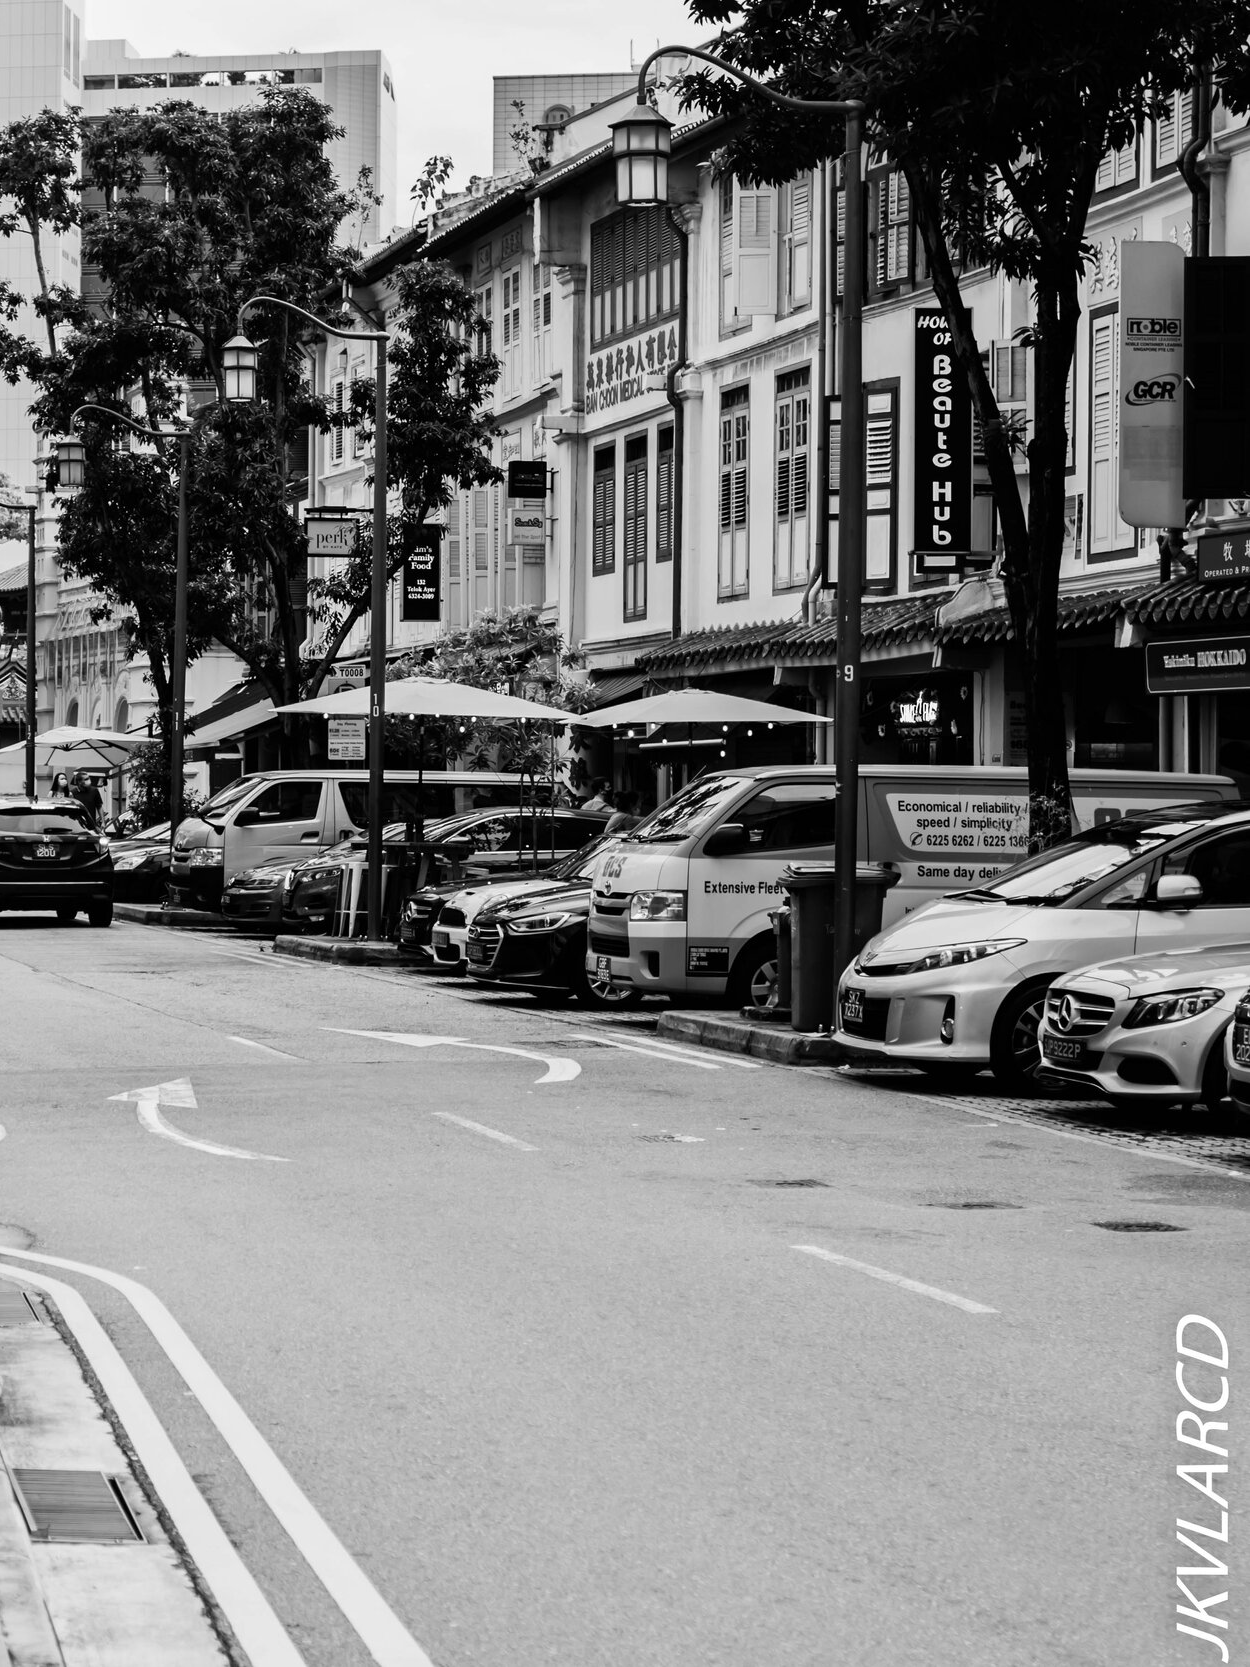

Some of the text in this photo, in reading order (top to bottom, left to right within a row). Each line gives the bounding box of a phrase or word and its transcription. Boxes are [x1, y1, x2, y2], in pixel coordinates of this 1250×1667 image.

[1129, 319, 1179, 335] noble
[933, 332, 952, 345] OF
[586, 374, 645, 415] BAN CHOON MEDICAL
[1133, 380, 1176, 400] GCR
[932, 354, 952, 468] Beaute
[932, 481, 952, 545] Hub
[413, 545, 432, 553] im's
[1204, 568, 1233, 578] OPERATED
[1197, 648, 1247, 668] HOKKAIDO
[340, 668, 364, 677] T0008
[844, 665, 853, 681] 9
[373, 693, 380, 717] 10
[898, 800, 961, 812] Economical
[972, 802, 1020, 816] reliability
[916, 817, 950, 830] speed
[961, 817, 1012, 831] simplicity
[926, 834, 949, 847] 6225
[952, 834, 974, 847] 6262
[983, 835, 1006, 847] 6225
[917, 865, 1001, 881] Same day deli
[704, 881, 784, 895] Extensive Fleet

+--

» **Problem to work on**
What belongs in the answer is each line above, reproduced exactly, and no picture.

» **Exercise solution**
Some of the text in this photo, in reading order (top to bottom, left to right within a row). Each line gives the bounding box of a phrase or word and its transcription. Boxes are [x1, y1, x2, y2], in pixel coordinates of this 1250×1667 image.

[1129, 319, 1179, 335] noble
[933, 332, 952, 345] OF
[586, 374, 645, 415] BAN CHOON MEDICAL
[1133, 380, 1176, 400] GCR
[932, 354, 952, 468] Beaute
[932, 481, 952, 545] Hub
[413, 545, 432, 553] im's
[1204, 568, 1233, 578] OPERATED
[1197, 648, 1247, 668] HOKKAIDO
[340, 668, 364, 677] T0008
[844, 665, 853, 681] 9
[373, 693, 380, 717] 10
[898, 800, 961, 812] Economical
[972, 802, 1020, 816] reliability
[916, 817, 950, 830] speed
[961, 817, 1012, 831] simplicity
[926, 834, 949, 847] 6225
[952, 834, 974, 847] 6262
[983, 835, 1006, 847] 6225
[917, 865, 1001, 881] Same day deli
[704, 881, 784, 895] Extensive Fleet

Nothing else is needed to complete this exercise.